INPUT FOR THIS TASK:
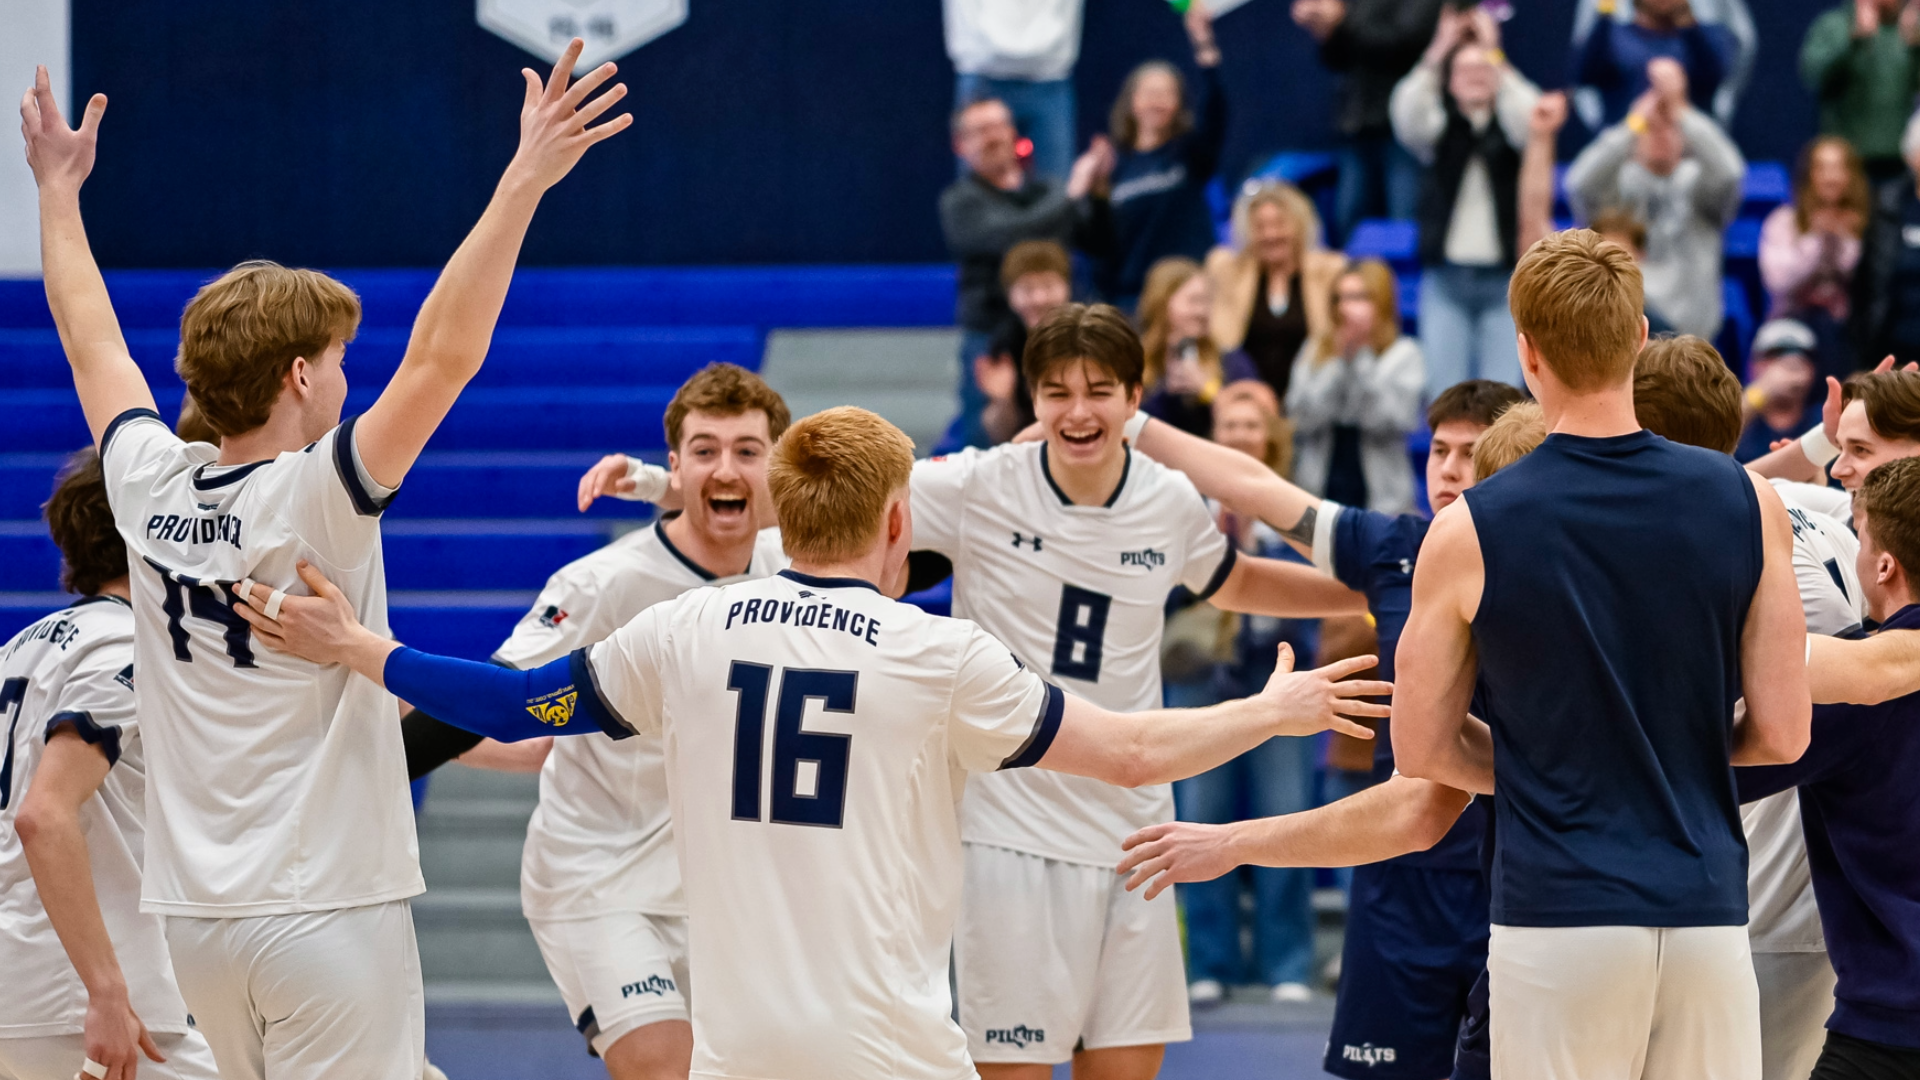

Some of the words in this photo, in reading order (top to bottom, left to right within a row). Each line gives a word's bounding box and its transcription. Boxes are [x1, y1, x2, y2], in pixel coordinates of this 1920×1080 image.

[1121, 548, 1165, 571] PILOTS
[143, 555, 259, 668] 14
[725, 598, 881, 647] PROVIDENCE
[1050, 583, 1112, 683] 8
[727, 660, 859, 829] 16
[986, 1024, 1045, 1049] PILOTS
[1343, 1043, 1396, 1067] PILOTS
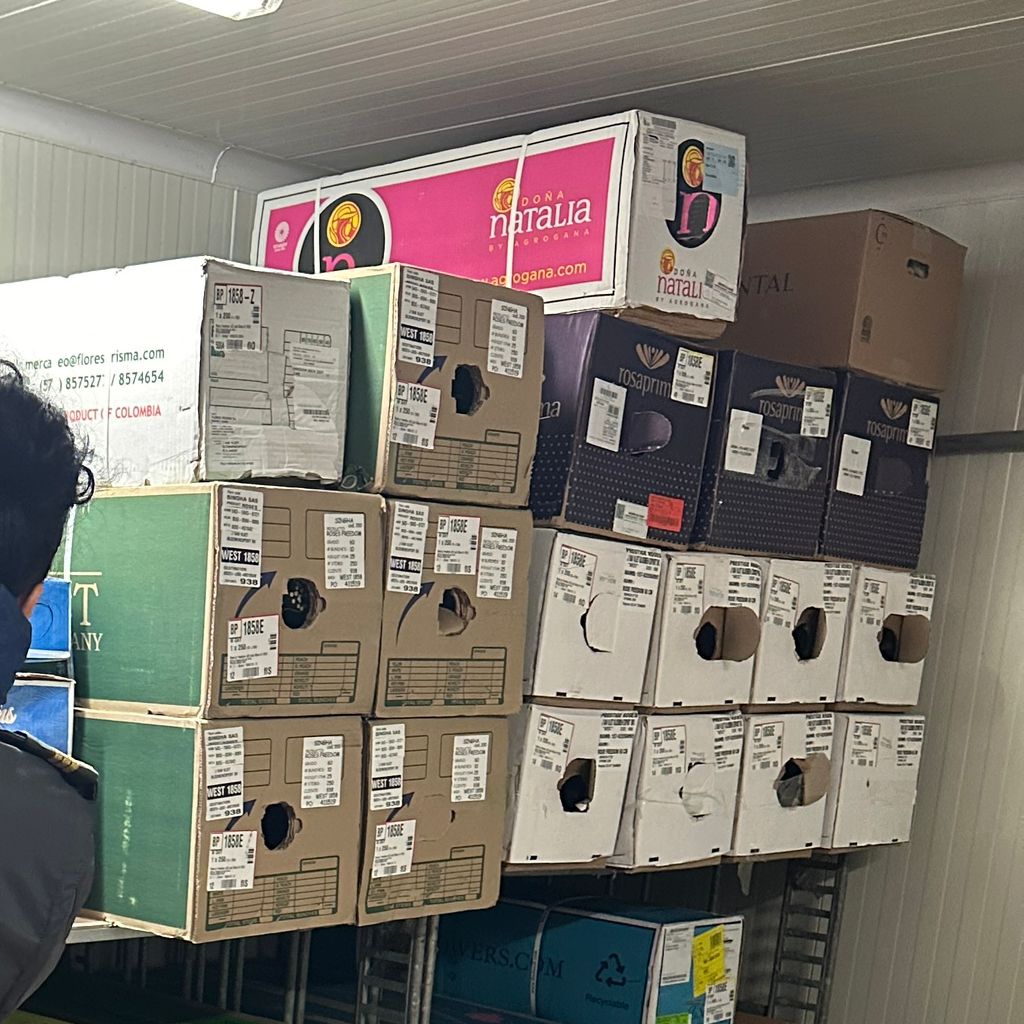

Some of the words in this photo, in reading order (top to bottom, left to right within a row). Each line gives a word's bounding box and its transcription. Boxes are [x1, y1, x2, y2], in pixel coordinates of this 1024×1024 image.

[521, 190, 564, 207] DOÑA
[515, 228, 590, 247] AGROGANA
[401, 326, 418, 340] WEST
[415, 356, 431, 365] 938
[65, 374, 105, 390] 857527
[118, 370, 164, 386] 8574654
[618, 366, 671, 398] rosaprim
[409, 385, 428, 403] 1858E
[115, 405, 162, 418] COLOMBIA
[759, 400, 803, 423] rosaprim
[867, 420, 908, 444] rosaprim
[449, 519, 468, 533] 1858E
[222, 550, 241, 561] WEST
[244, 551, 259, 563] 1858
[390, 557, 408, 570] WEST
[240, 578, 258, 586] 938
[73, 582, 99, 626] T
[230, 623, 239, 635] BP
[243, 619, 264, 635] 1858E
[207, 786, 226, 798] WEST
[227, 783, 241, 795] 1858
[224, 809, 241, 817] 938
[387, 823, 404, 838] 1858E
[212, 835, 220, 848] BP
[224, 834, 244, 848] 1858E
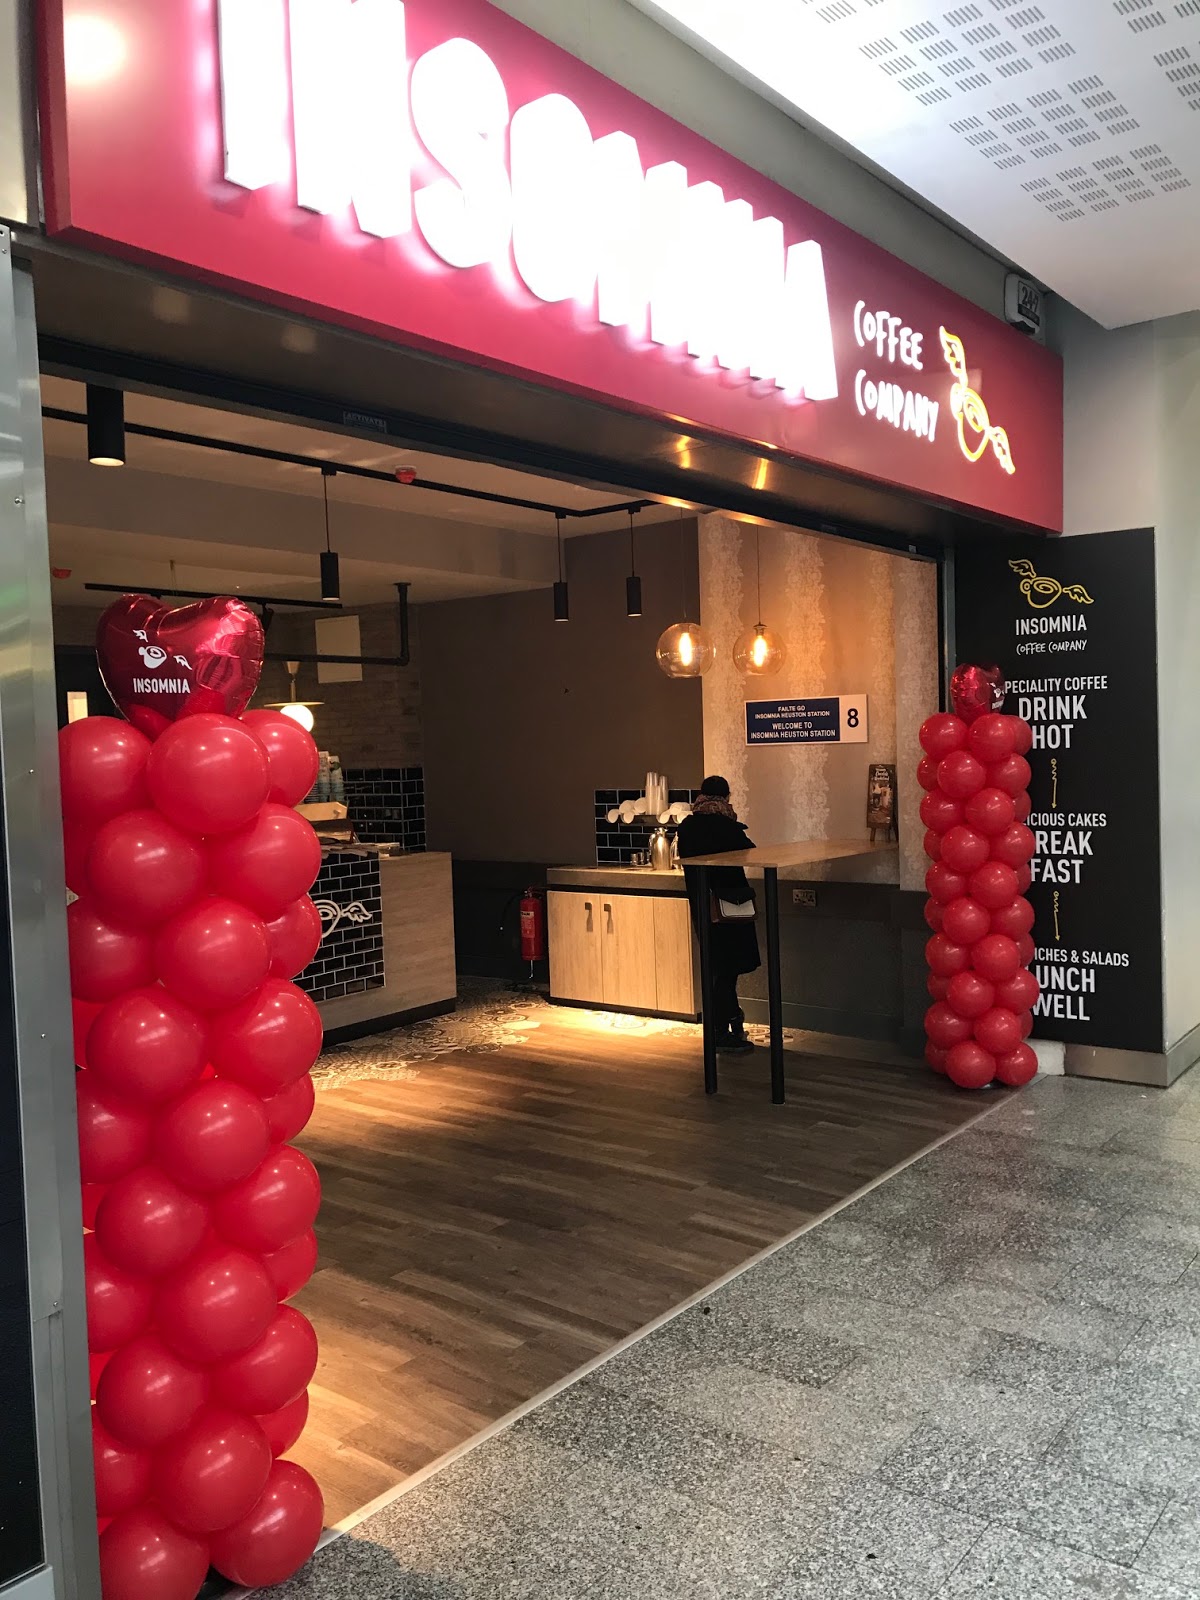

YOUR OBJECTIVE:
Repeat the whole of the material above exactly, but keep the pictures out.

EXERCISE RESULT:
Some of the words in this photo, in reading order (top to bottom, left to right within a row). Each line gives a word's bounding box and its transcription. Boxes are [x1, y1, x2, y2], in pixel coordinates of this 1920×1080 image.

[1121, 548, 1165, 571] PILOTS
[143, 555, 259, 668] 14
[725, 598, 881, 647] PROVIDENCE
[1050, 583, 1112, 683] 8
[727, 660, 859, 829] 16
[986, 1024, 1045, 1049] PILOTS
[1343, 1043, 1396, 1067] PILOTS

Some of the words in this photo, in reading order (top to bottom, left to right within a row). Each line gives a word's bounding box and its transcription. Boxes are [x1, y1, x2, y2], in pixel coordinates of this 1024×1024 image.

[521, 190, 564, 207] DOÑA
[515, 228, 590, 247] AGROGANA
[401, 326, 418, 340] WEST
[415, 356, 431, 365] 938
[65, 374, 105, 390] 857527
[118, 370, 164, 386] 8574654
[618, 366, 671, 398] rosaprim
[409, 385, 428, 403] 1858E
[115, 405, 162, 418] COLOMBIA
[759, 400, 803, 423] rosaprim
[867, 420, 908, 444] rosaprim
[449, 519, 468, 533] 1858E
[222, 550, 241, 561] WEST
[244, 551, 259, 563] 1858
[390, 557, 408, 570] WEST
[240, 578, 258, 586] 938
[73, 582, 99, 626] T
[230, 623, 239, 635] BP
[243, 619, 264, 635] 1858E
[207, 786, 226, 798] WEST
[227, 783, 241, 795] 1858
[224, 809, 241, 817] 938
[387, 823, 404, 838] 1858E
[212, 835, 220, 848] BP
[224, 834, 244, 848] 1858E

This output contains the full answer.